Bungie’s success with Marathon saw two more entries (with the second game receiving a Windows 95 release) before the studio was snapped up by Microsoft in 2000, a year after Halo: Combat Evolved was first shown at Macworld Expo 1999. After being cut loose from Microsoft in 2007, the company went on to develop Destiny and its sequel, uncoupled itself from a 10-year publishing deal with Activision Blizzard (with Destiny rights intact), only to get snapped up by Sony in 2022.

This is where we currently find ourselves, with the company developing a modern-day sequel to the game that helped put it on the radar all those years ago. This also happens to be a game that Sony is pinning a lot of hopes on, considering the high-profile failure of online hero shooter Concord in 2024.

The Shooter Market Is Huge But Crowded

In the years since Marathon’s 1994 release, the first-person shooter market has exploded. Countless titles have reinvented the genre, from Quake to Half-Life, through to modern multiplayer hits like Overwatch and Valorant.

Overwatch 2 Roster

Blizzard Entertainment

As a result of the genre’s enduring popularity, everyone wants a piece of the pie. Unfortunately, there’s only so much pie to go around. Standing out in a sea of highly polished and technically impressive games is tough, even for a company like Bungie.
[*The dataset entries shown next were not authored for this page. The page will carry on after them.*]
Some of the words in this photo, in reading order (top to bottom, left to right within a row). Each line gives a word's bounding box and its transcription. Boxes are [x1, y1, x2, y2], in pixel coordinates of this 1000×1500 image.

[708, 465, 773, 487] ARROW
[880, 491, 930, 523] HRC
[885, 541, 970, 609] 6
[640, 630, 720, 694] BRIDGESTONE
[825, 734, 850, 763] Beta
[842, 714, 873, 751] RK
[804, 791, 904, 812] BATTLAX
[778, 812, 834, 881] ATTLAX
Not only do you have to produce something that people want to play, you have to tempt them away from their current favorites.
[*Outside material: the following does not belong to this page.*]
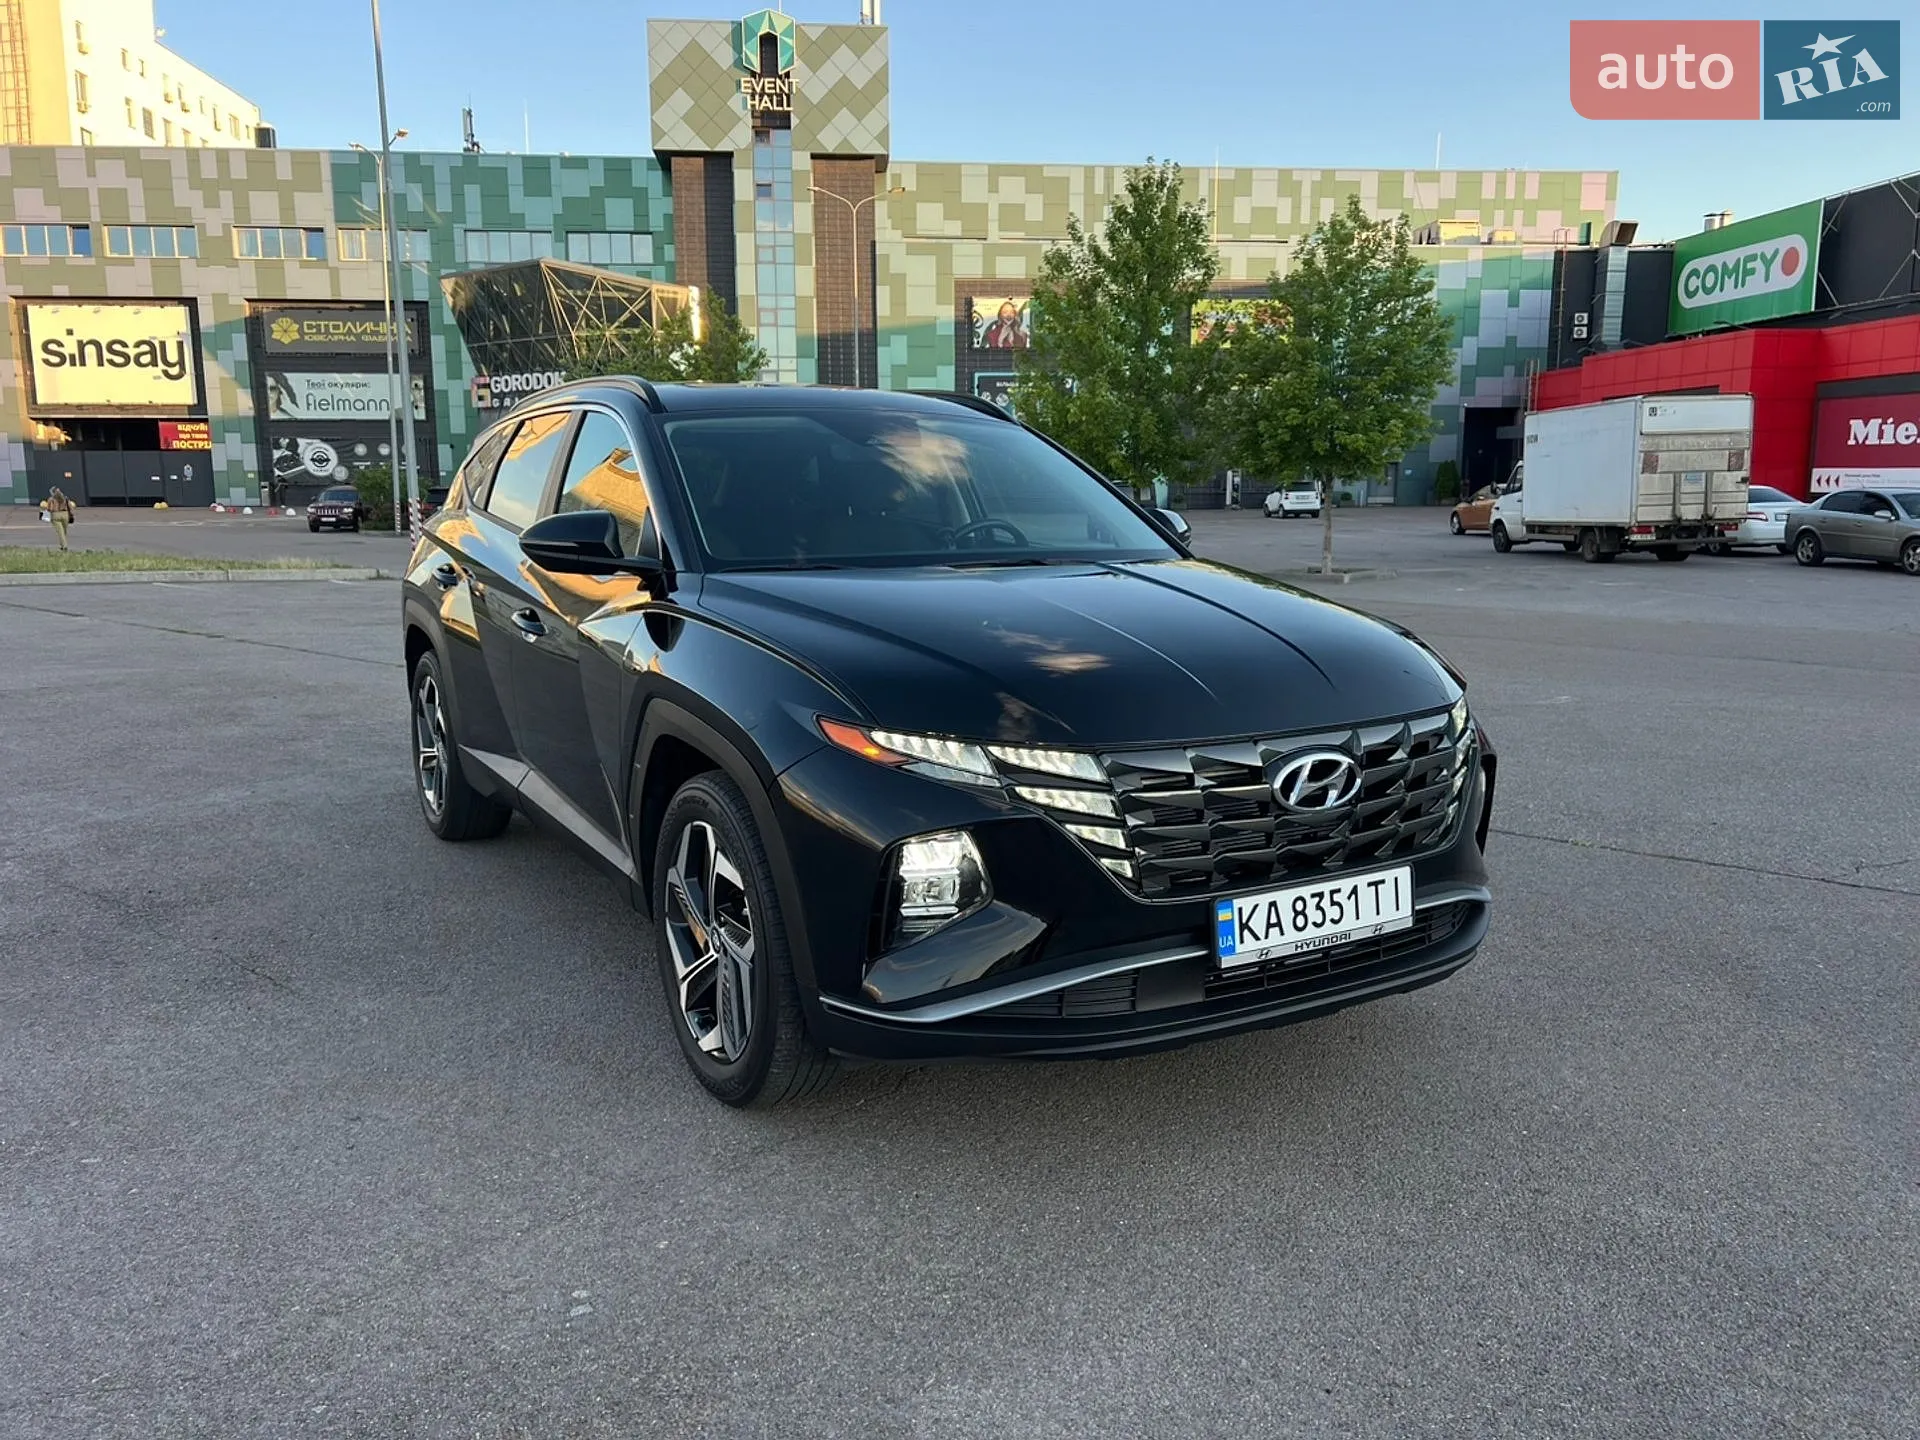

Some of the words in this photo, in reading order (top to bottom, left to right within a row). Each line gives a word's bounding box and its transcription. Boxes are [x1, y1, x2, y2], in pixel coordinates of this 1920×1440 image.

Bungie’s Marathon reboot is a little different. This is a multiplayer first-person extraction shooter with a hero component. It takes place on the planet settled by the UESC Marathon that featured in earlier Marathon titles, Tau Ceti, after a period of unrest during which many of the settlers disappeared. Within this colony, some humans have given up their bodies in favor of enhanced cybernetic versions and become known as Runners. These Runners have to scavenge the colony for resources, artifacts, and other loot before getting out safely.

Marathon shooting.

Bungie

Marathon is arguably the highest-profile extraction shooter to date. Though Ubisoft’s The Division and its “Dark Zone” gameplay is often credited with “inventing” the genre, extraction shooters have reached new heights with games like Escape from Tarkov and Delta Force winning over fans and dominating the streaming charts for years now.

Bungie and Sony are chasing this success, and when it comes to gaming trends that’s not necessarily a position you want to find yourself in. In fact, this specific criticism was leveled at Concord even before its release. In that case, Sony and Firewalk Studios were chasing success in the hero shooter space, a genre dominated by the likes of Overwatch and Apex Legends (and since, Marvel Rivals).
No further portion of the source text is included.